Scientifica Limited
- Company type: Public limited company since 2012 as constituent of Judges Scientific Plc, previously Private Limited Company
- Industry: Development and manufacturing of scientific instruments involved in neuroscience research notably including micromanipulators, microscopy rigs, mounting equipment and laboratory accessories. Major level markets include research and academia.
- Founded: 1997; 29 years ago
- Headquarters: Uckfield, East Sussex and Maidenhead, Berkshire, United Kingdom
- Area served: Worldwide
- Key people: Mark Johnson(Managing Director) Matthew Kemp(Sales and Marketing Manager)
- Products: Micromanipulators, microscopes, microscopy rigs, multiphoton imaging systems, scanners for use in medical and scientific laboratories.
- Revenue: £36 million (2013) (for parent group)

= Scientifica =

Company in United Kingdom

Scientifica is a constituent company of Judges Scientific Plc and was founded in 1997. The company is a manufacturer and supplier of laboratory instruments that include micromanipulators, imaging systems, complete microscopy rigs, mounting equipment for microscopes and related accessories for electrophysiology and two photon microscopy, used in laboratories worldwide including pharmaceutical companies, universities and medical research facilities.

==History==
The company was the creation of former managing director Mark Johnson and his partner David Rogerson who purchased a subsidiary of Burleigh Inc.

In 2003 the company moved from being a distributor to a manufacturer of its own products. Their products are sold worldwide, including Europe, The United States of America (USA), Brazil, India, China, Korea, Singapore, Japan and Russia.
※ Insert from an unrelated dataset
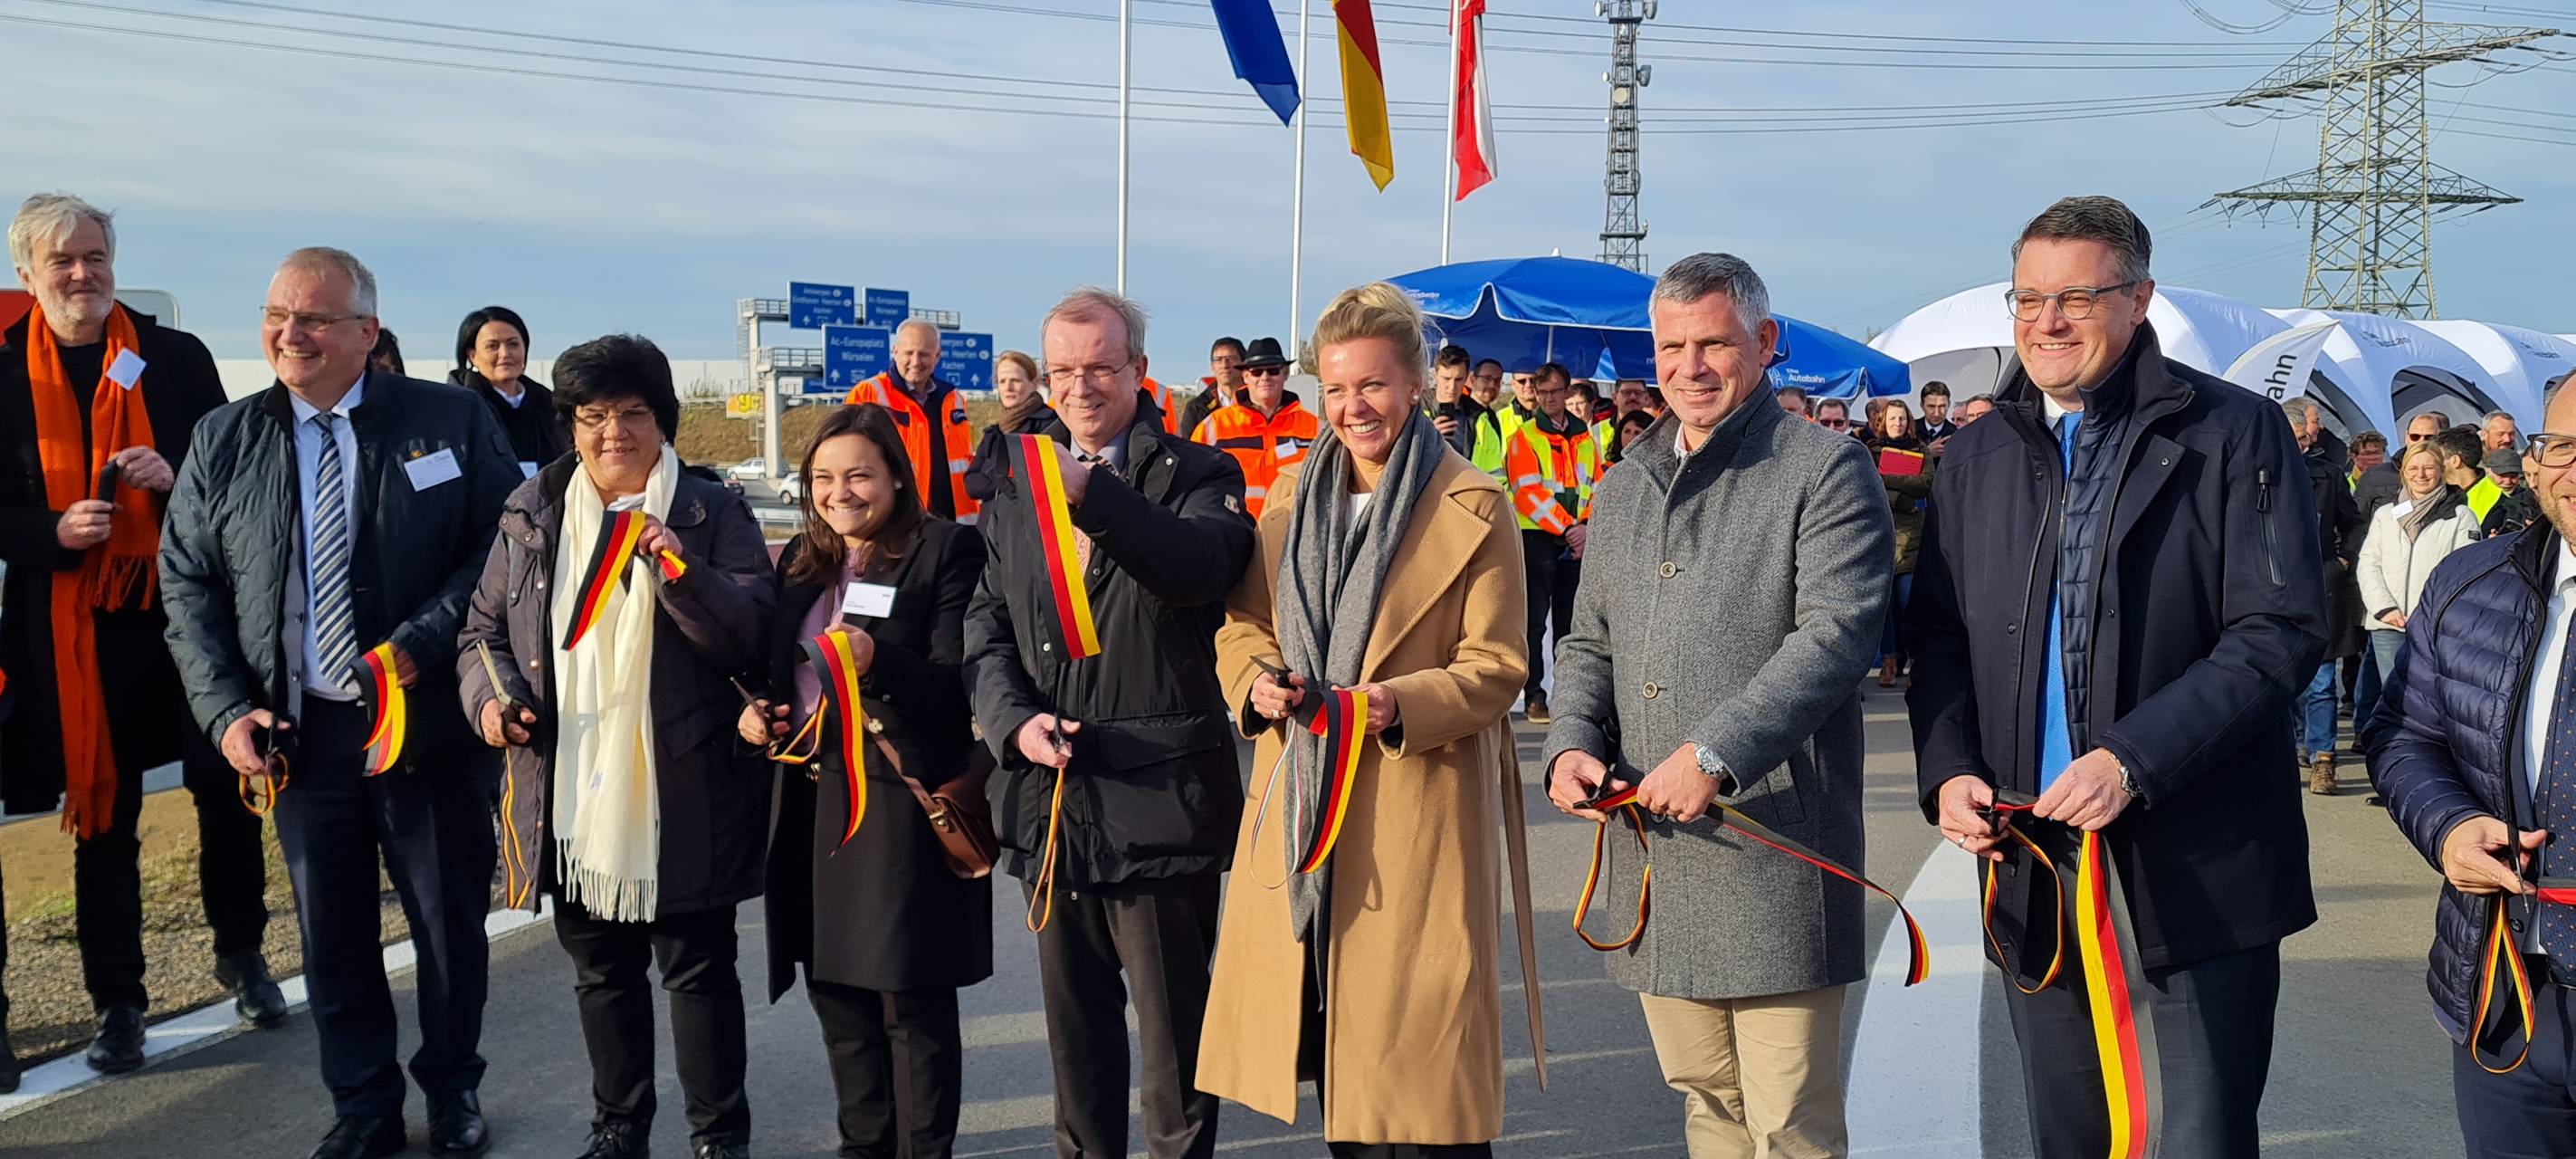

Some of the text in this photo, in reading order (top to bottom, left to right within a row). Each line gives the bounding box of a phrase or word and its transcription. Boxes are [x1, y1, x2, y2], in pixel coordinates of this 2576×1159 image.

The largest market is the United States but around thirty countries have bought Scientifica instruments.

==Philosophy==
Johnson and Rogerson's motivation was to provide bespoke and well tested products to electrophysiology and imaging researchers. Electrophysiology is the study and measurement of the electrical properties of biological cells and tissues, and Scientifica's products are used extensively to broaden the understanding of the nervous and cardiac systems, particularly diseases that include: Alzheimers, Parkinsons and Epilepsy.

==Awards==
- 2014 Queen's Awards For Enterprise: Innovation for their Multiphoton Imaging System
- 2013 Sussex Business Awards: International Business of the Year
- 2013 Made In The South East Manufacturer Of The Year (under 25 million turnover)
- 2012 Queens Award For Enterprise: International Trade

== Products ==
- Micromanipulators
- Complete microscopy rigs
- Multiphoton Imaging including resonant and galvo scanning
- Laser Applied Stimulating and Uncaging
- Mounting equipment and Imaging Platforms.